Monday, September 30, 2019

The Writing University conducts the 5Q Interview series with writers while they are in Iowa City participating in the various University of Iowa writing programs. We sit down with authors to ask about their work, their process and their descriptions of home.

This year, we are celebrating the 50th Anniversary of the University of Iowa Press with a special editon of 5Q Interviews of UI Press authors. Happy Birthday UI Press!


 

Paula Becker

Today we are speaking with Paula Becker. Becker is the author of Looking For Betty MacDonald: The Egg, The Plague, Mrs. Piggle-Wiggle and I, and co-author of The Future Remembered: The 1962 Seattle World's Fair and Its Legacy and Alaska-Yukon-Pacific Exposition: Washington's First World's Fair. Her next book, forthcoming September 2019, from University of Iowa Press, is A House on Stilts: Mothering in the Age of Opioid Addiction, a memoir. She will be reading from A House on Stilts at the Iowa City Public Library on October 5th at 1:00pm for the Iowa City Book Festival.

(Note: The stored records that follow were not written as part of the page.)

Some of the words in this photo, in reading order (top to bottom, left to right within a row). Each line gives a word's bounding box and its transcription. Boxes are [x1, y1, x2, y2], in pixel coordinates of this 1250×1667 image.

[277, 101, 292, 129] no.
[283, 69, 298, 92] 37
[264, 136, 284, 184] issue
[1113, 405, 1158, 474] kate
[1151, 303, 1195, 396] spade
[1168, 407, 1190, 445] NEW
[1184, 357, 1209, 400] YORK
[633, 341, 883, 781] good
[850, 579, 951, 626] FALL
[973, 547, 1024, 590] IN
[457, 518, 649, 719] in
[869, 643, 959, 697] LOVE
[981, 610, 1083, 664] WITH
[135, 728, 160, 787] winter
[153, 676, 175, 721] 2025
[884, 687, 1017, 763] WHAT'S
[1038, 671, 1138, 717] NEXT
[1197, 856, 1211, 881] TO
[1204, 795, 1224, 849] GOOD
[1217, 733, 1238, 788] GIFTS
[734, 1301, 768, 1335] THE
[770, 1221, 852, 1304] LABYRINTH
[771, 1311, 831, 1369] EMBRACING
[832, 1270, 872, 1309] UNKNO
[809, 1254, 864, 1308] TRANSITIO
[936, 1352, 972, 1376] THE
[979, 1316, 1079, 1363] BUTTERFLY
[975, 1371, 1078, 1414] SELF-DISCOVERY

Paula Becker has written for HistoryLink.org since 2001, and is a staff historian. Her 300+ essays on the site document all aspects of Washington state history.


1. Do you have a specific project that you will be working on this year?

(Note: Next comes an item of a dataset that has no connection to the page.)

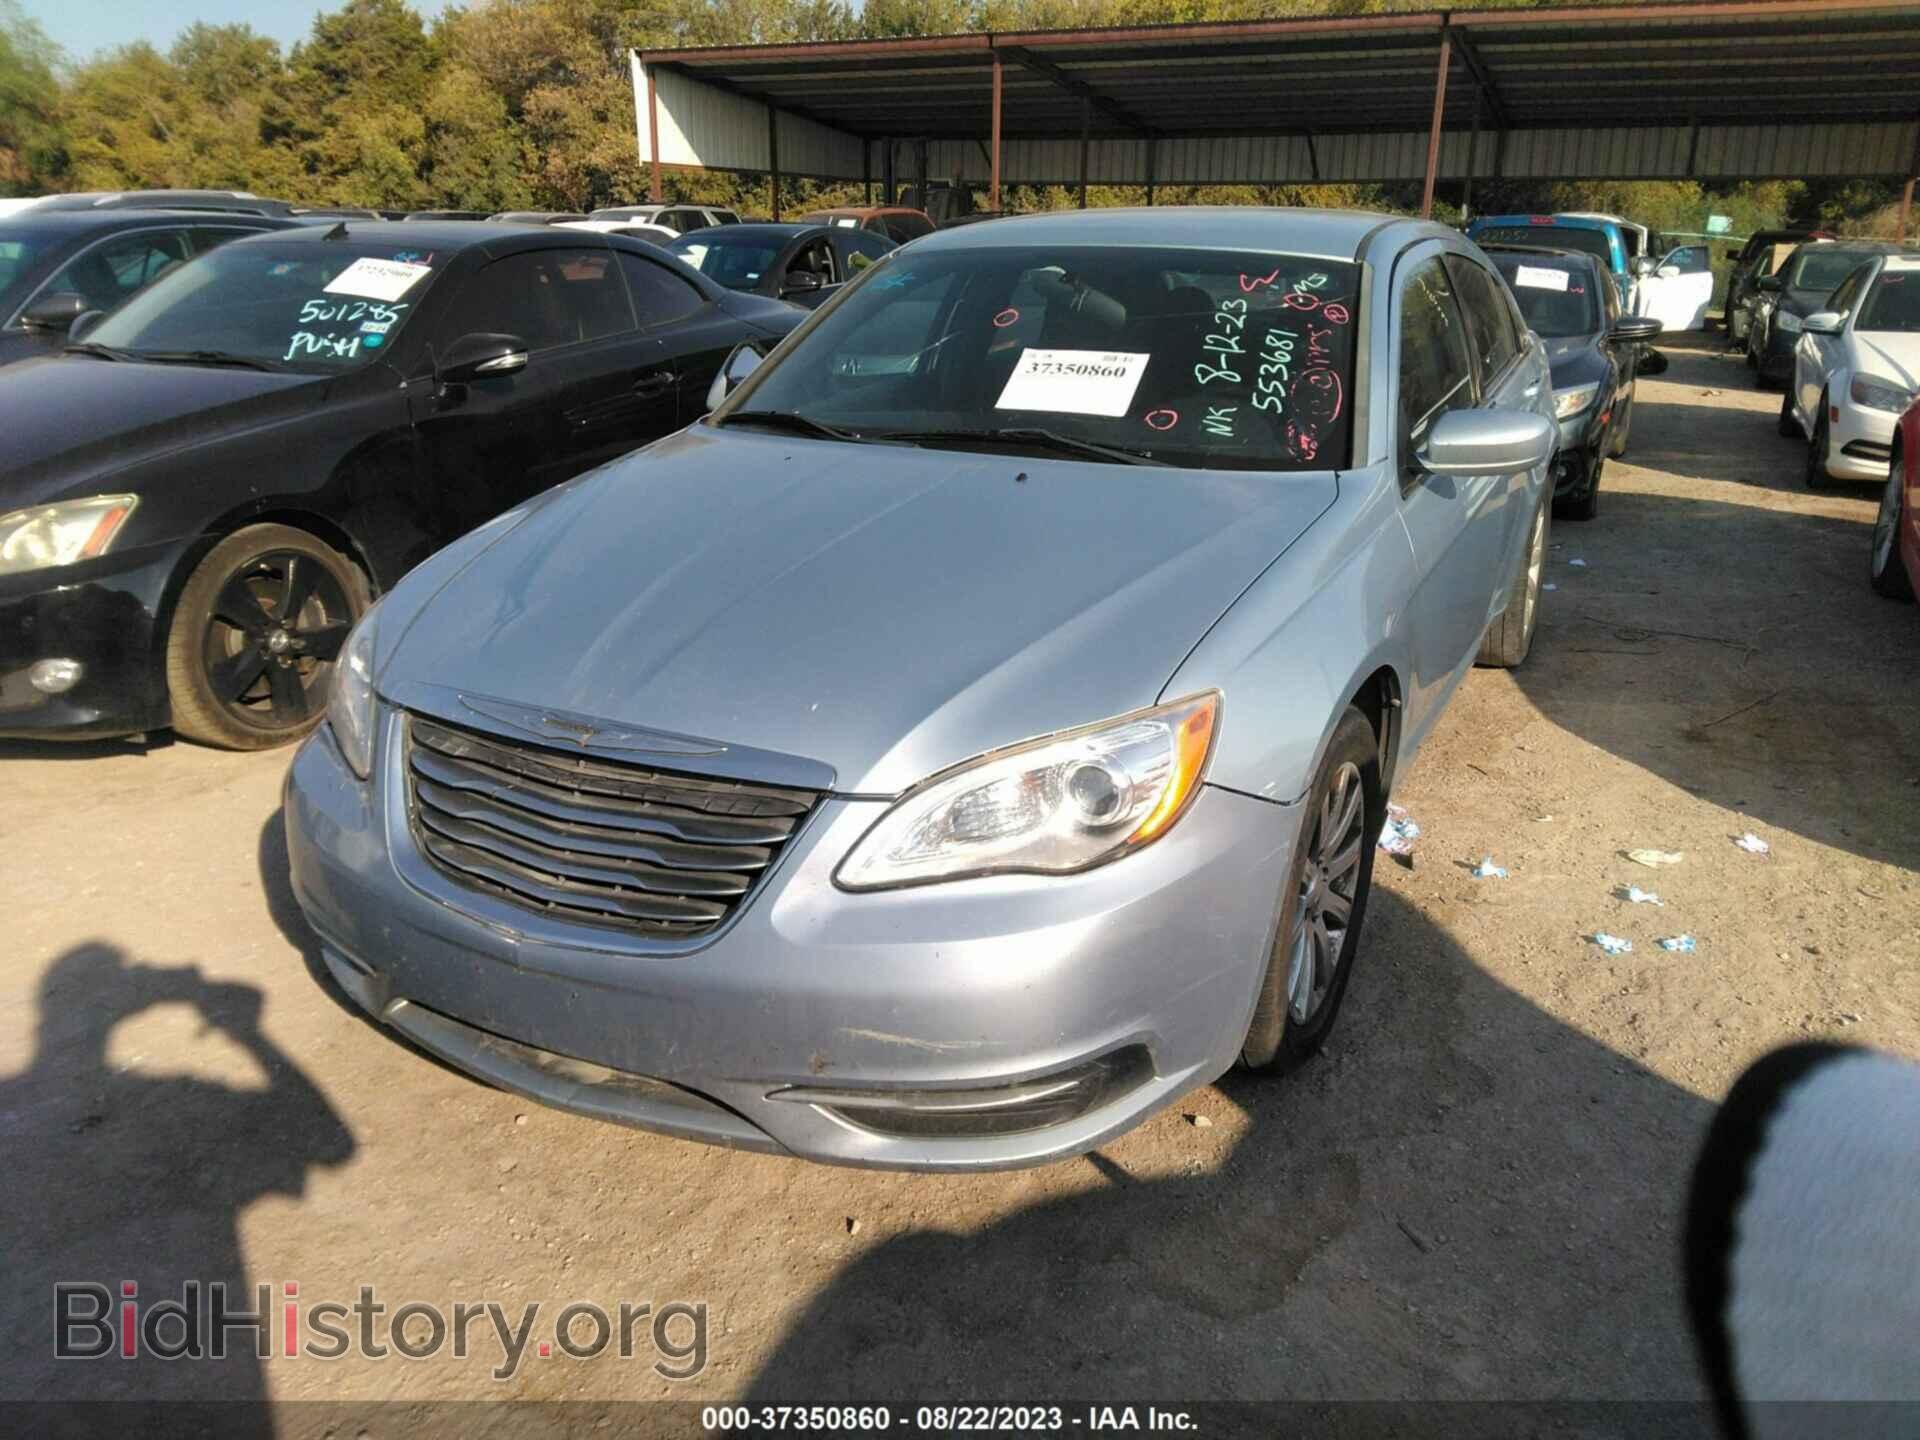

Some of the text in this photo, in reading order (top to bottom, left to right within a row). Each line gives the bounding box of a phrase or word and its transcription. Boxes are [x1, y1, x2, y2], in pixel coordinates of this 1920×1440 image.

[1025, 362, 1126, 378] 37350860
[1194, 299, 1247, 385] 8-12-23
[1251, 328, 1299, 413] 553681

I am devoting most of my energies in the near future to promoting my new book, A House On Stilts: Mothering in the Age of Opioid Addiction. Because the topic is so personal, and because I anticipate that many of the readers I will meet will be experiencing the ongoing trauma of coping with a family member's addiction issues, I am attempting to develop strategies for remaining centered during book promotion. I strive to validate, but not personally absorb, the pain with which many potential readers may be struggling. I am also contemplating writing a small manual, bare-boned but hopefully emotionally potent, that might help guide those who grieve through the early stages of bereavement using small practical suggestions.

 

2. What does your daily practice look like for your writing? Do you have a certain time when you write? Any specific routine?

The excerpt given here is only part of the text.